Abstract Data is being produced at an intractable pace. At the same time, there is an insatiable interest in using such data for use cases that span all imaginable domains, including health, climate, business, and gaming. Beyond the novel socio-technical challenges that surround data-driven innovations, there are still open data processing challenges that impede the usability of data-driven techniques. It is commonly acknowledged that overcoming heterogeneity of data with regard to syntax and semantics to combine various sources for a common goal is a major bottleneck. Furthermore, the quality of such data is always under question as the data science pipelines today are highly ad-hoc and without the necessary care for provenance. Finally, quality criteria that go beyond the syntactical and semantic correctness of individual values but also incorporate population-level constraints, such as equal parity and opportunity with regard to protected groups, play a more and more important role in this process. Traditional research on data integration was focused on post-merger integration of companies, where customer or product databases had to be integrated. While this is often hard enough, today the challenges aggravate because of the fact that more stakeholders are using data analytics tools to derive domain-specific insights. I call this phenomenon the democratization of data science, a process, which is both challenging and necessary. Novel systems need to be user-friendly in a way that not only trained database admins can handle them but also less computer science savvy stakeholders.
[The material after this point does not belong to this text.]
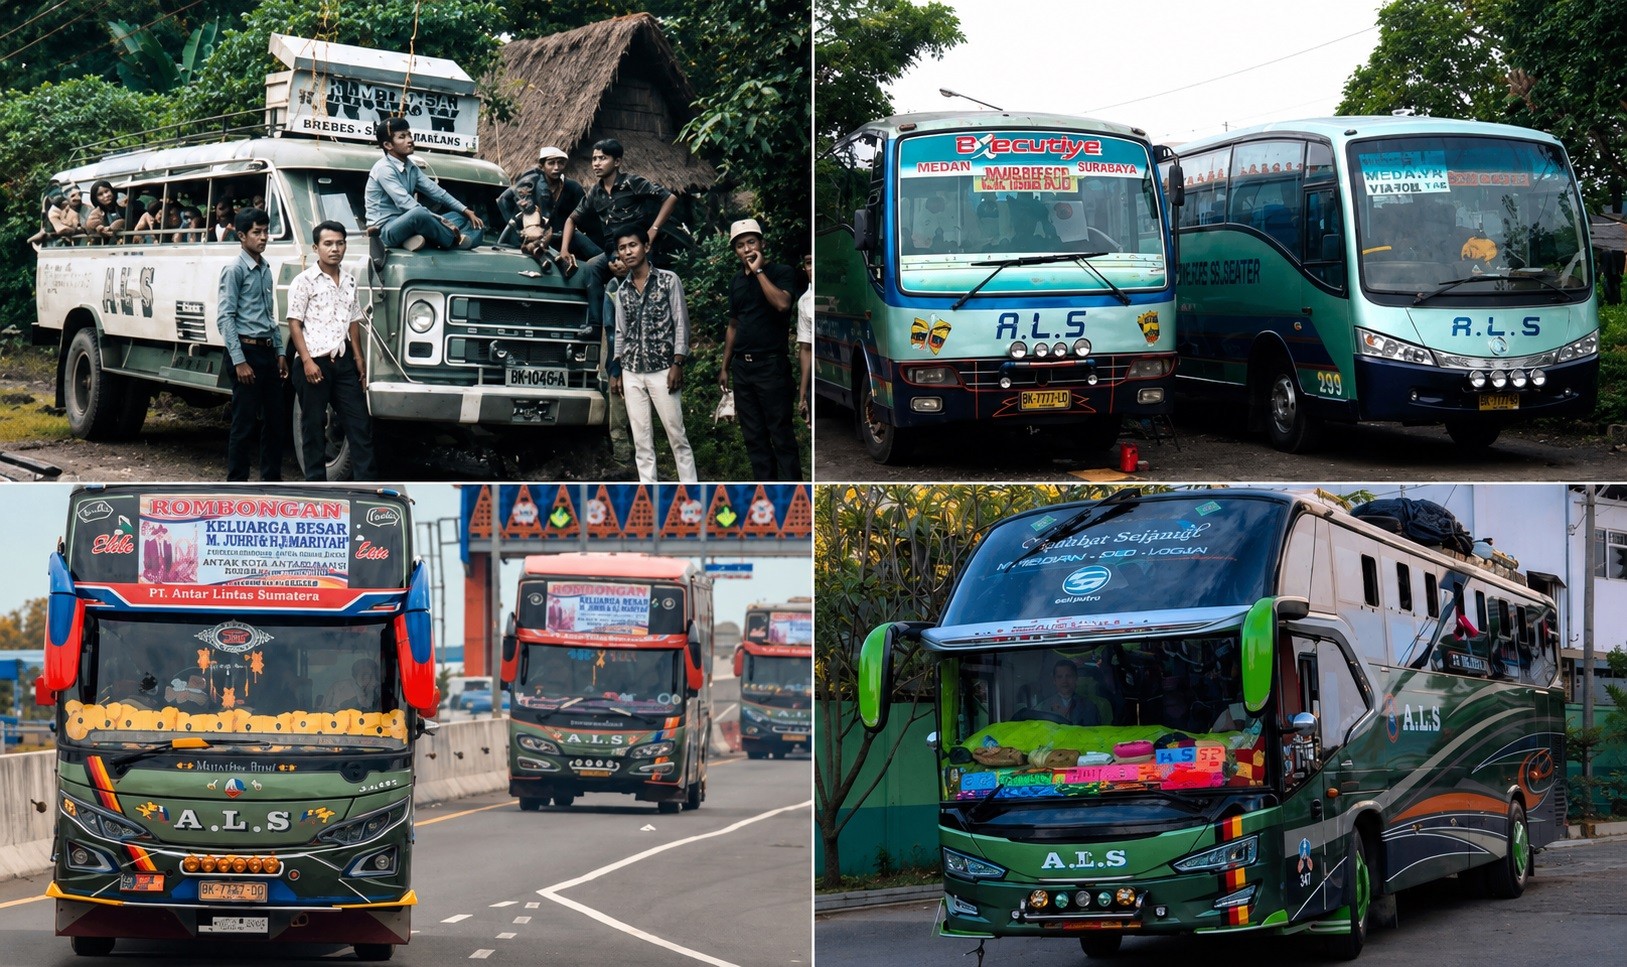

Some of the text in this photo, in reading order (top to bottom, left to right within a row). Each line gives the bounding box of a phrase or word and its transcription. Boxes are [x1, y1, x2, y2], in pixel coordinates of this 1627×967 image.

Thus, our research focuses on scalable example-driven techniques for data preparation and curation. Furthermore, we believe that it is important to educate the breadth of society on implications of a data-driven world and actively promote the concept of data literacy as a fundamental competence.
查看原文
分享 分享
微信好友 朋友圈 QQ好友 复制链接
本刊更多论文
通过数据质量管理和数据素养实现以数据为中心的人工智能
摘要数据的生成速度非常缓慢。与此同时,人们对将这些数据用于涵盖所有可以想象的领域的用例有着永不满足的兴趣,包括健康、气候、商业和游戏。除了围绕数据驱动创新的新的社会技术挑战之外,仍然存在阻碍数据驱动技术可用性的开放数据处理挑战。人们普遍认为,克服语法和语义方面的数据异构性,将各种来源组合起来以实现共同目标是一个主要瓶颈。此外,这些数据的质量总是受到质疑,因为今天的数据科学管道是高度临时的,没有必要关心来源。最后,质量标准超越了个人价值观的语法和语义正确性,但也包含了群体层面的约束,如与受保护群体的平等平等和机会,在这一过程中发挥着越来越重要的作用。传统的数据集成研究主要集中在公司合并后的集成,其中必须集成客户或产品数据库。虽然这通常已经够难的了,但今天的挑战加剧了,因为越来越多的利益相关者正在使用数据分析工具来获得特定领域的见解。我把这种现象称为数据科学的民主化,这是一个具有挑战性和必要性的过程。新型系统需要用户友好,不仅受过培训的数据库管理员可以处理这些系统,而且需要不太懂计算机科学的利益相关者。因此,我们的研究重点是用于数据准备和管理的可扩展示例驱动技术。此外,我们认为,重要的是教育全社会了解数据驱动世界的影响,并积极宣传数据素养这一基本能力的概念。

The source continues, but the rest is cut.